At Element AI you work with various external stakeholders to solve humanitarian issues – has any government so far approached you as well to tackle similar problems?

We have a government team within Element AI and we’ve had some requests, but like every contact we get – whether it’s from NGOs, agencies or governments – we make very sure to explain to the people who reach out to separate the hype from reality. Because around AI there’s a huge amount of hype. In some cases, we’ve said that it’s not feasible now, but maybe after a few more years of research. More generally, yes, we want to work with governments around AI for good, because the sustainable development goals are not just for NGOs. If we only leave it to NGOs, then we’ll never reach them, because sadly they are direly underfunded.

So, how do you solve a humanitarian crisis with AI?

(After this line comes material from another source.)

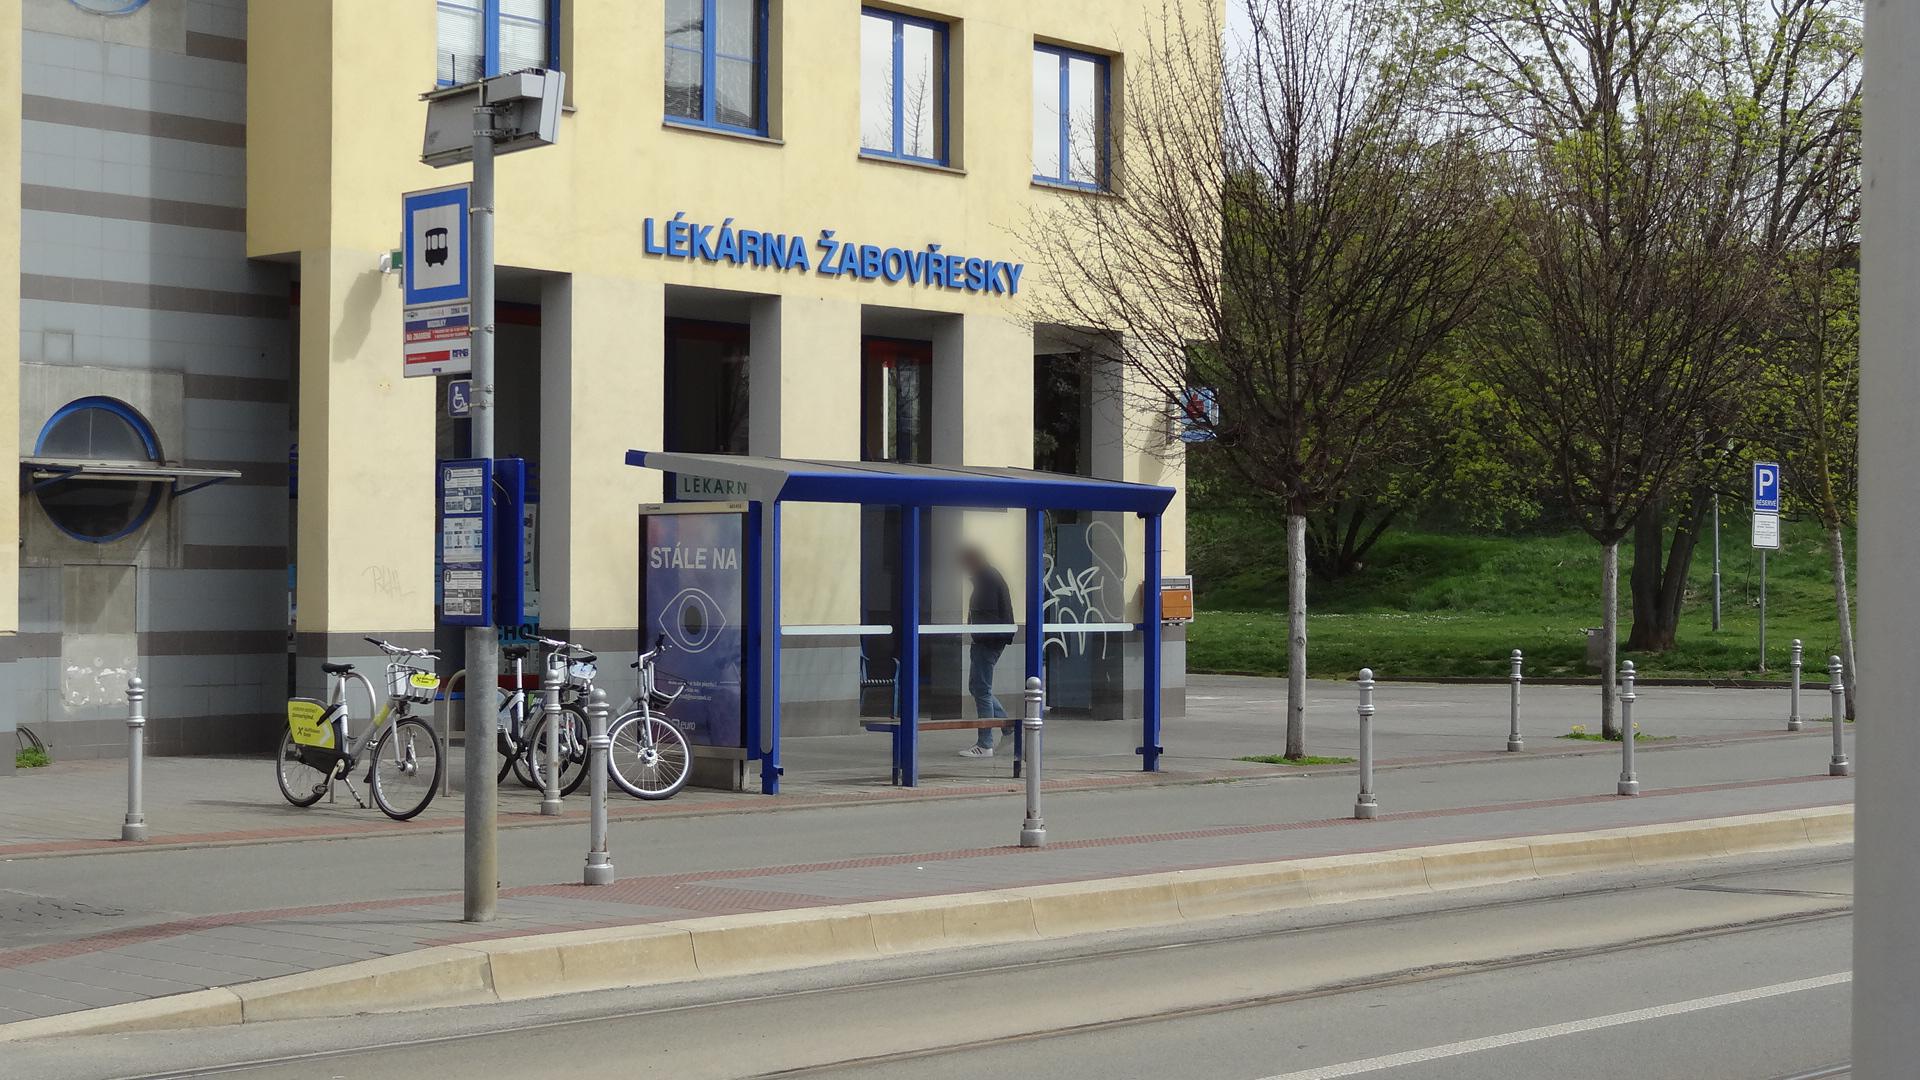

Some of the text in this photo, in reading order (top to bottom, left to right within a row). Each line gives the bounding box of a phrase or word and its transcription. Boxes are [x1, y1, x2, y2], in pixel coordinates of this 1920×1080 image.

[644, 212, 1024, 296] LÉKÁRNA ŽABOVŘESKY
[1759, 469, 1774, 496] P
[650, 541, 738, 570] STÁLE NA

You don’t solve it with AI, that’s the trick! You solve it with people. AI is only here to magnify the effect and the intent of the people. No technology is a magical solution – except for maybe vaccines. Kentaro Toyama used to say that technology is only a magnifier of human intent, it’s not the solution. It’s exactly that with AI – you can use it for terrible surveillance or you can use the exact same tool for detecting tear gas canisters used against civilians in online videos. It’s the exact same tool, but you put it in the hands of people with right motivation. That’s what we do, we find partners who work towards solving humanitarian problems or any of the SDGs. We work with them to find out where we can help scale up. Whether it’s working with satellite imagery or finding certain types of weapons in big video archives or Twitter abuse against women. These are all projects that we have taken, where we used machine learning to just magnify. AI is like an exoskeleton for humans or, I think Steve Jobs used to say, a bicycle for the mind. The next step is to move past scaling projects linearly by the number of people you put on them. When you look at how tech has an impact at scale, it’s through a product or a tool how you reach a hundred times more people. So that’s what we’re trying to do with our partners – to help develop a tool that is usable for all their needs and we can take ourselves out of the loop as much as possible. This will take time, of course, but this is what where aiming for.

Within the context of the UN SDGs, which of them in your opinion would be the easiest and quickest to achieve – the lowest hanging fruit so to speak – through applying AI?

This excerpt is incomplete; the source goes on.